La punta del dito dell’Elfa iniziò a brillare di una luce azzurrina e Thyus ne fu abbagliato. Chiuse gli occhi e, finalmente, iniziò a capire.

Quel giorno, il sole splendeva su Mitfeld, la Città del Fuoco, e l’Imperatore Fandil, seduto sul trono di marmo, attendeva il ritorno del proprio secondogenito, il quale, come suo solito, tardava ad arrivare.

Dal grande arco d’entrata della sala fece il proprio ingresso il primogenito, erede al trono di Mitfeld.

«Non è ancora arrivato?» chiese impaziente al padre dopo aver fatto un breve inchino.

«Conosci bene tuo fratello, Heridar» rispose calmo «Porta pazienza, arriverà prima del tramonto, come sempre.» Heridar annuì e si congedò, ritirandosi nelle sue stanze.
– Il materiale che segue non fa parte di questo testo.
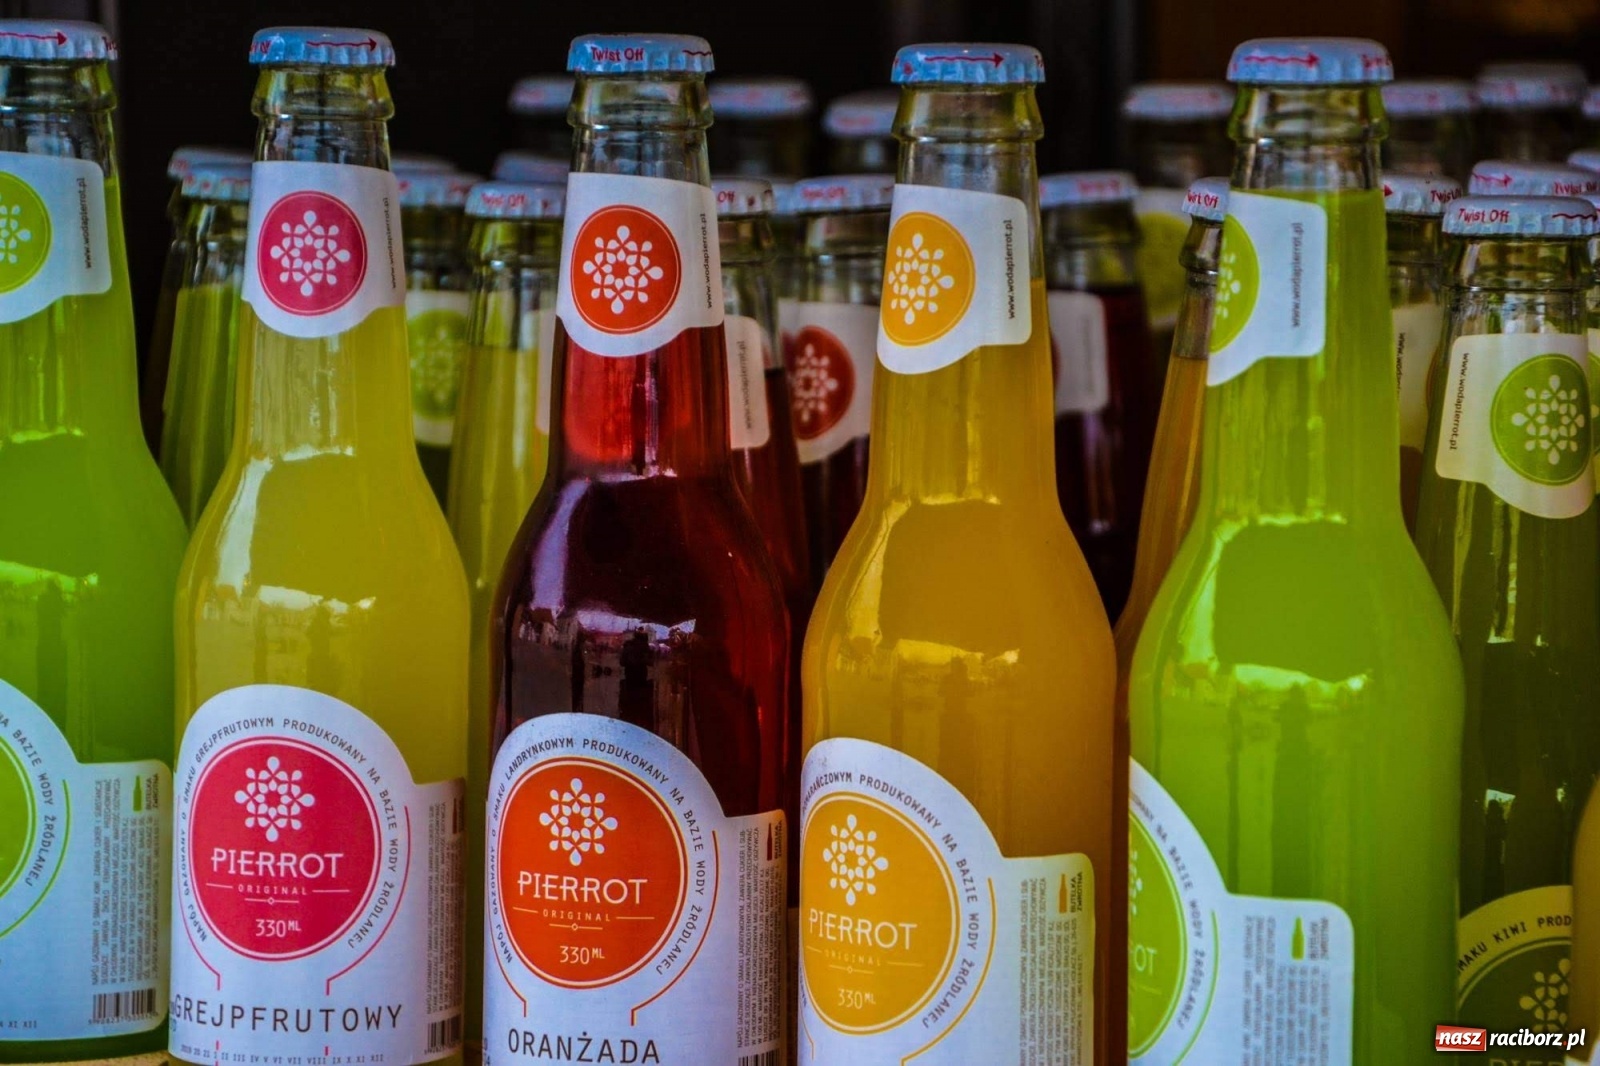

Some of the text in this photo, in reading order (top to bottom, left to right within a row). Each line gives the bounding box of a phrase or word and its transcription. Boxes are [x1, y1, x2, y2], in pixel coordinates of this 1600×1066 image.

[591, 47, 644, 62] Twist Off
[717, 190, 735, 203] Off
[1554, 181, 1583, 195] Twist
[77, 177, 91, 269] www.wodapierrot.pl
[1459, 208, 1510, 223] Twist Off
[699, 213, 714, 309] www.wodapierrot.pl
[1003, 219, 1016, 320] www.wodapierrot.pl
[1449, 352, 1470, 450] www.wodapierrot.pl
[195, 717, 275, 763] GREJPFRUTOWYM
[283, 718, 367, 764] PRODUKOWANY
[504, 737, 574, 781] LANDRYNKOWYM
[12, 729, 42, 767] BAZIE
[38, 772, 55, 806] WODY
[367, 767, 381, 785] NA
[582, 738, 670, 785] PRODUKOWANY
[183, 766, 196, 804] SMAKU
[493, 782, 505, 821] SMAKU
[669, 787, 685, 805] NA
[379, 789, 397, 831] BAZIE
[491, 829, 496, 837] O
[683, 810, 704, 852] BAZIE
[180, 828, 191, 896] GAZOWANY
[211, 847, 344, 879] PIERROT
[388, 838, 399, 872] WODY
[860, 774, 941, 829] PRODUKOWANY
[941, 834, 958, 852] NA
[956, 858, 978, 903] BAZIE
[967, 912, 980, 950] WODY
[238, 884, 308, 896] ORIGINAL
[489, 845, 499, 916] GAZOWANY
[517, 870, 648, 904] PIERROT
[695, 860, 706, 895] WODY
[187, 904, 208, 943] NAPÓJ
[543, 908, 611, 922] ORIGINAL
[809, 908, 917, 950] PIERROT
[495, 924, 513, 963] NAPÓJ
[1456, 942, 1488, 974] MAKU
[1493, 921, 1528, 943] KIWI
[174, 993, 403, 1033] GREJPFRUTOWY
[250, 1054, 259, 1063] IV
[263, 1055, 269, 1063] V
[273, 1056, 283, 1065] VI
[287, 1056, 301, 1065] VII
[306, 1056, 327, 1065] VIII
[332, 1056, 342, 1065] IX
[356, 1055, 365, 1064] XI
[370, 1053, 384, 1063] XII
[508, 1028, 661, 1064] ORANŻADA
Si lasciò cadere mollemente sull’immenso letto, contemplando il soffitto come era solito fare quando attendeva l’arrivo del fratello.
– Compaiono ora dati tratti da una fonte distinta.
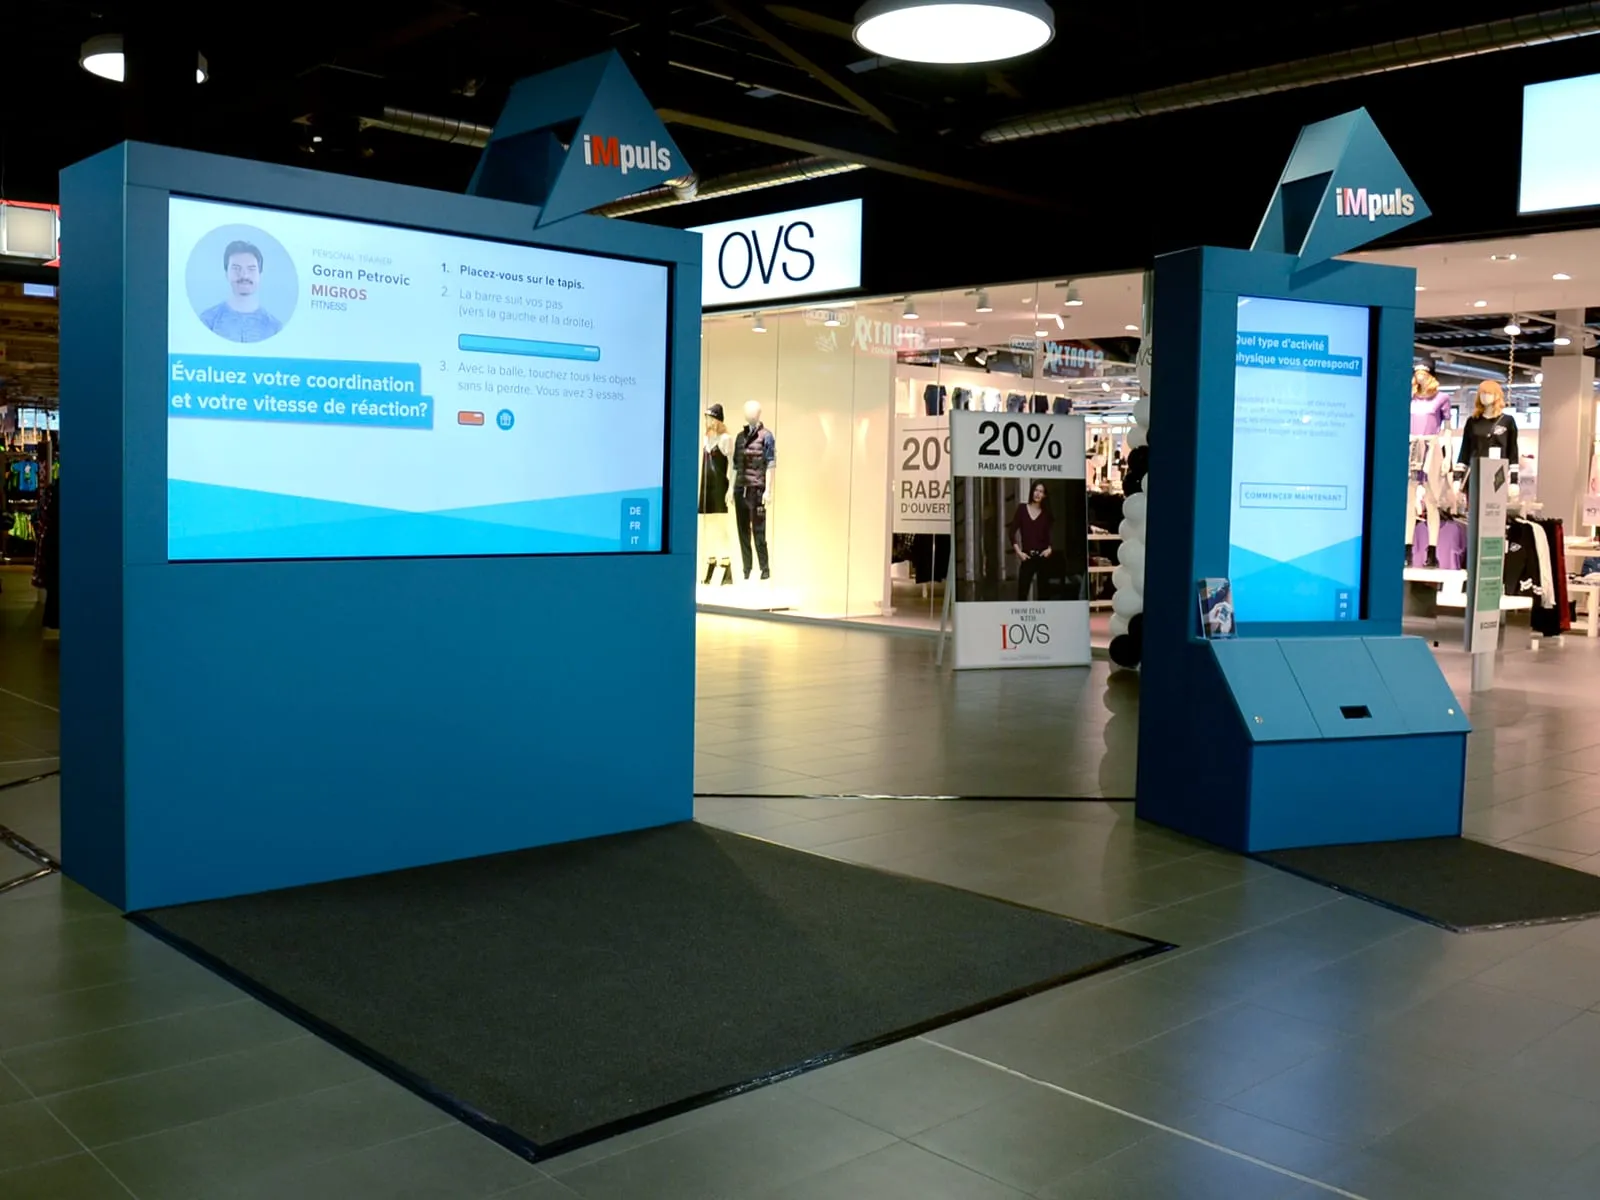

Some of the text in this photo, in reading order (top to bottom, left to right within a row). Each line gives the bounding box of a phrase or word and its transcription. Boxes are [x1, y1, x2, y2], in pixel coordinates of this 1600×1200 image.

Comodo sul materasso, la palpebre iniziarono a farsi pesanti e chiuse gli occhi, provando a riposarsi, ma le porte della sua stanza vennero spalancate rumorosamente, facendolo sussultare.

Heridar si alzò di scatto, lanciando uno sguardo alterato a chi era appena entrato, pronto a inveirgli contro. Tuttavia, il suo sguardo alterato ben presto scomparve, lasciando il posto a uno sguardo meravigliato, accompagnato da un largo sorriso.

«Caledar!» esclamò, raggiungendo l’Elfo appena arrivato «pensavo avessi perso la strada di casa» scherzò.

«Ho tardato cercando il regalo giusto per il mio fratello preferito, che a quanto pare a giorni si sposerà» rispose Caledar, abbracciandolo «Non è facile trovare qualcosa di unico per chi ha già tutto.» Si staccò dall’abbraccio e porse al fratello una spada lunga dall’elsa dorata, decorata con preziose gemme bianche. Heridar la prese delicatamente e la osservò con attenzione.

«Non posso crederci!» esclamò estasiato »Come sei riuscito a mettere le mani su una rarità del genere? Ѐ una lama di metallo degli Spiriti! Nessuno è mai riuscito a ottenerne una!»

«Girala.» Heridar seguì il suggerimento del fratello e scoprì un’incisione sulla lama.

«Etraria...» sussurrò leggendo. Alzò lo sguardo «Ѐ davvero l’unica spada dello Spirito Bianco? La lama intoccabile?»

«Ѐ stata un’impresa attraversare il Bosco degli Spiriti, ma per te questo e altro» sorrise Caledar, felice che il suo regalo fosse stato apprezzato «Ho pensato che con il tuo matrimonio e la mia incoronazione non potremo vederci sovente, ma spero che un dono del genere ti aiuti a ricordare che ci sarò sempre per te, qualunque sia l’ostacolo.»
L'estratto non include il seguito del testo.